Your instructions - Please set down every line of the records below exactly, without the pictures.
═════ Exercise inputs ═════
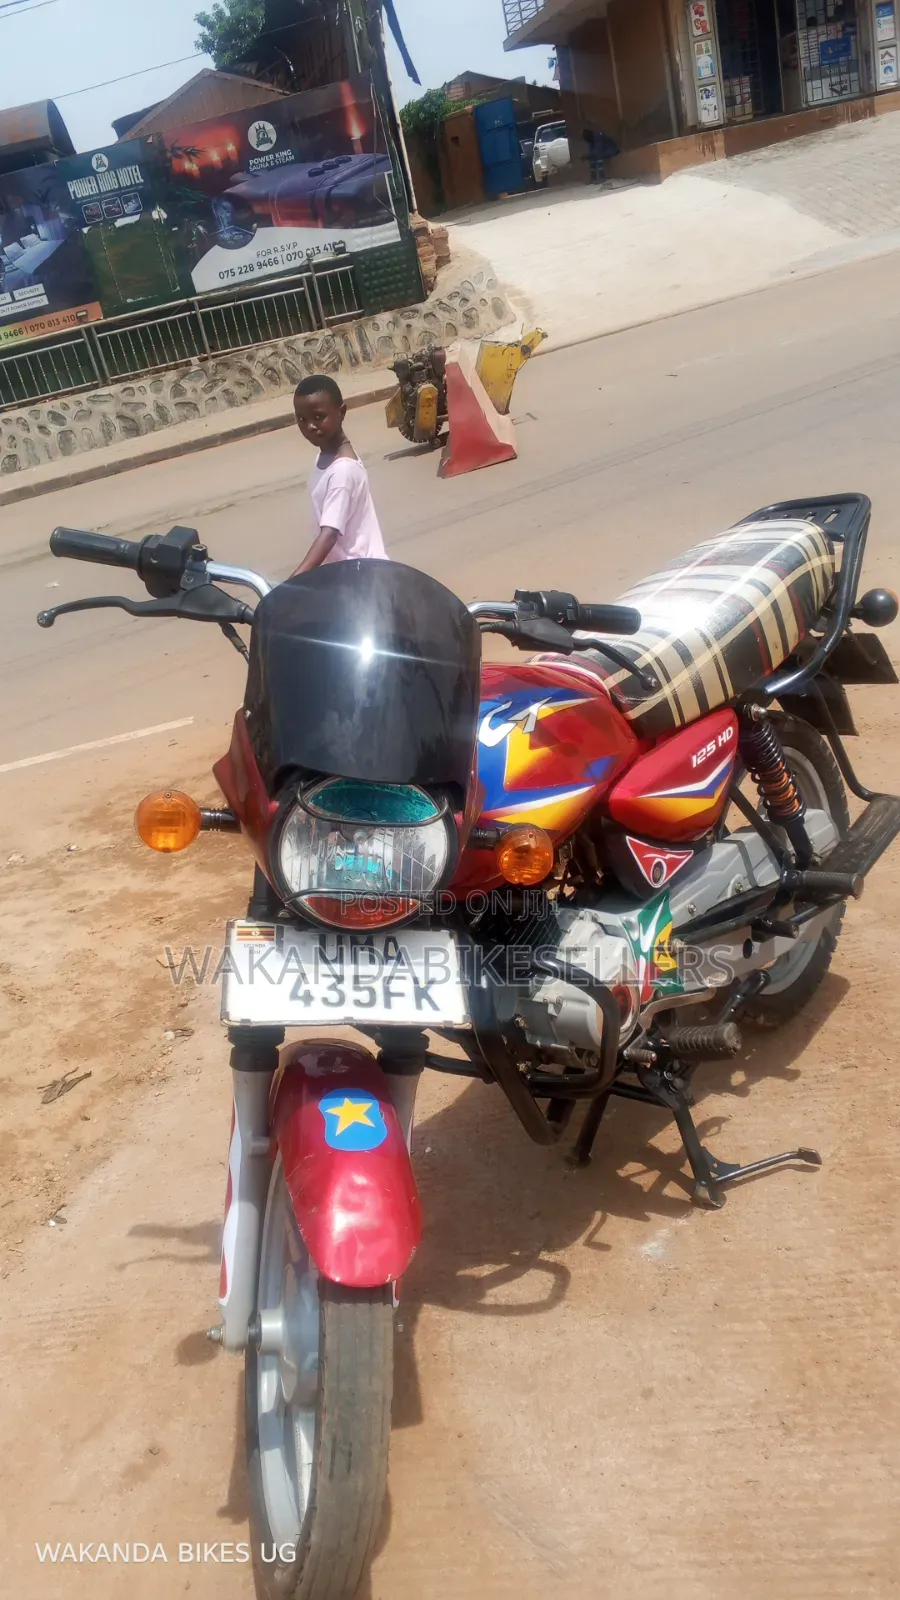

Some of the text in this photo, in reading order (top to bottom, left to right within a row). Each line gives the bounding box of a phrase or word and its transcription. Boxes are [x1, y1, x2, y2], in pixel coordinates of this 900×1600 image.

[249, 149, 292, 166] POWER KING
[249, 162, 270, 171] SAUNA
[275, 155, 295, 165] STEAM
[67, 176, 99, 200] POWER
[116, 164, 145, 189] HOTEL
[256, 248, 272, 259] FOR
[218, 269, 236, 280] 075
[238, 263, 255, 275] 228
[256, 256, 280, 270] 9466
[286, 250, 304, 262] 070
[18, 287, 40, 297] SECURITY
[11, 303, 27, 311] POWER
[27, 299, 44, 307] SUPPLY
[3, 327, 24, 339] 9466
[29, 322, 46, 333] 070
[692, 726, 734, 768] 125 HD
[289, 972, 441, 1012] 435FK
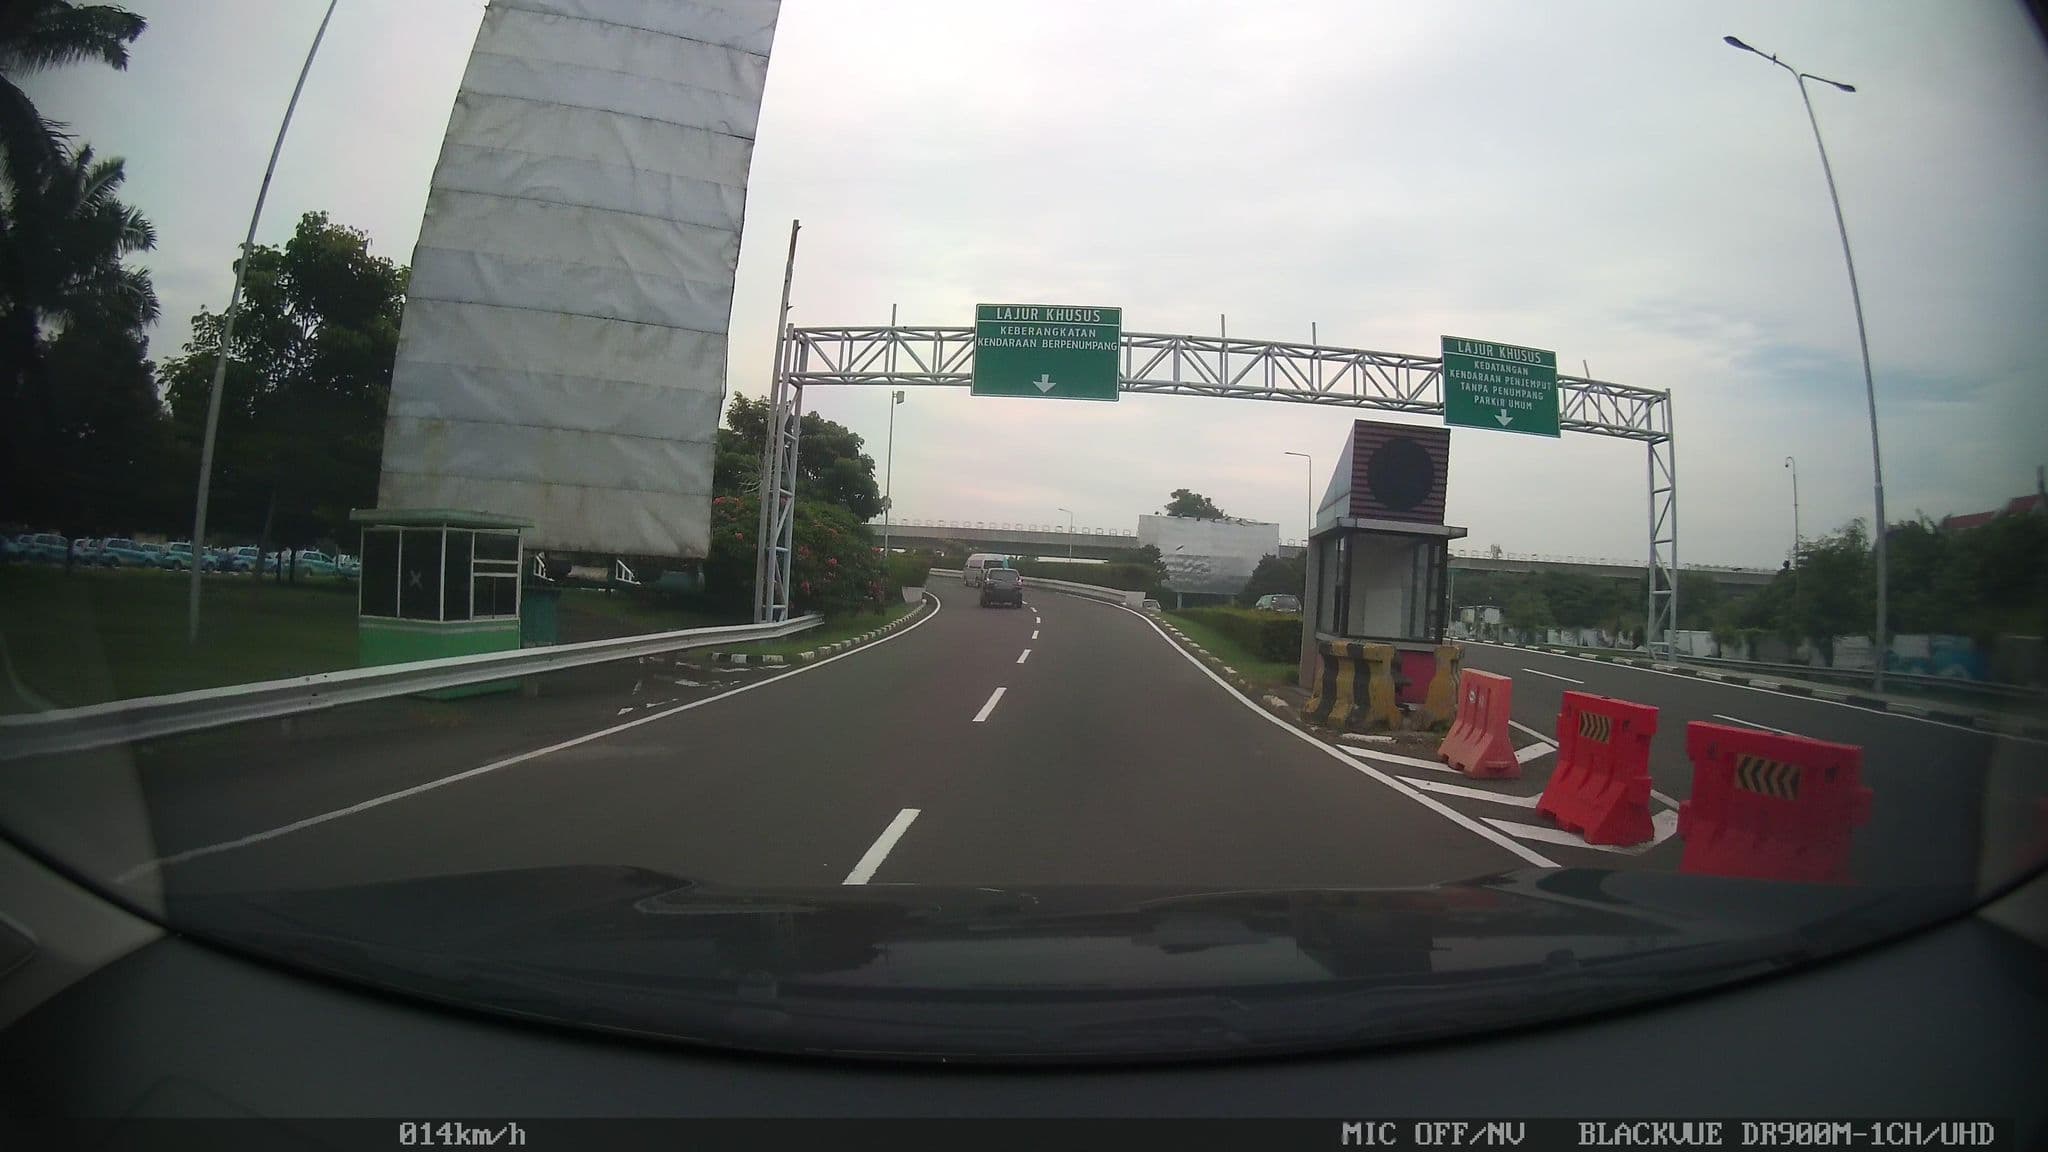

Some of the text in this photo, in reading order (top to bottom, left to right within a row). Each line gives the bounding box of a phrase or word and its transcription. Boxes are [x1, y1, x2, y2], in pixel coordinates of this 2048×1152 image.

[996, 307, 1101, 322] LAJUR KHUSUS
[1000, 326, 1096, 338] KEBERANGKATAN
[977, 337, 1117, 351] KENDARAAN BERPENUMPANG
[1457, 341, 1541, 364] LAJUR KHUSUS
[1474, 360, 1529, 376] KEDATANGAN
[1450, 369, 1501, 383] KENDARAAN
[1460, 381, 1544, 400] TANPA PENUMPANG
[1474, 395, 1533, 410] PARKIR UMUM
═════
Answer section -
Some of the text in this photo, in reading order (top to bottom, left to right within a row). Each line gives the bounding box of a phrase or word and its transcription. Boxes are [x1, y1, x2, y2], in pixel coordinates of this 900×1600 image.

[249, 149, 292, 166] POWER KING
[249, 162, 270, 171] SAUNA
[275, 155, 295, 165] STEAM
[67, 176, 99, 200] POWER
[116, 164, 145, 189] HOTEL
[256, 248, 272, 259] FOR
[218, 269, 236, 280] 075
[238, 263, 255, 275] 228
[256, 256, 280, 270] 9466
[286, 250, 304, 262] 070
[18, 287, 40, 297] SECURITY
[11, 303, 27, 311] POWER
[27, 299, 44, 307] SUPPLY
[3, 327, 24, 339] 9466
[29, 322, 46, 333] 070
[692, 726, 734, 768] 125 HD
[289, 972, 441, 1012] 435FK

Some of the text in this photo, in reading order (top to bottom, left to right within a row). Each line gives the bounding box of a phrase or word and its transcription. Boxes are [x1, y1, x2, y2], in pixel coordinates of this 2048×1152 image.

[996, 307, 1101, 322] LAJUR KHUSUS
[1000, 326, 1096, 338] KEBERANGKATAN
[977, 337, 1117, 351] KENDARAAN BERPENUMPANG
[1457, 341, 1541, 364] LAJUR KHUSUS
[1474, 360, 1529, 376] KEDATANGAN
[1450, 369, 1501, 383] KENDARAAN
[1460, 381, 1544, 400] TANPA PENUMPANG
[1474, 395, 1533, 410] PARKIR UMUM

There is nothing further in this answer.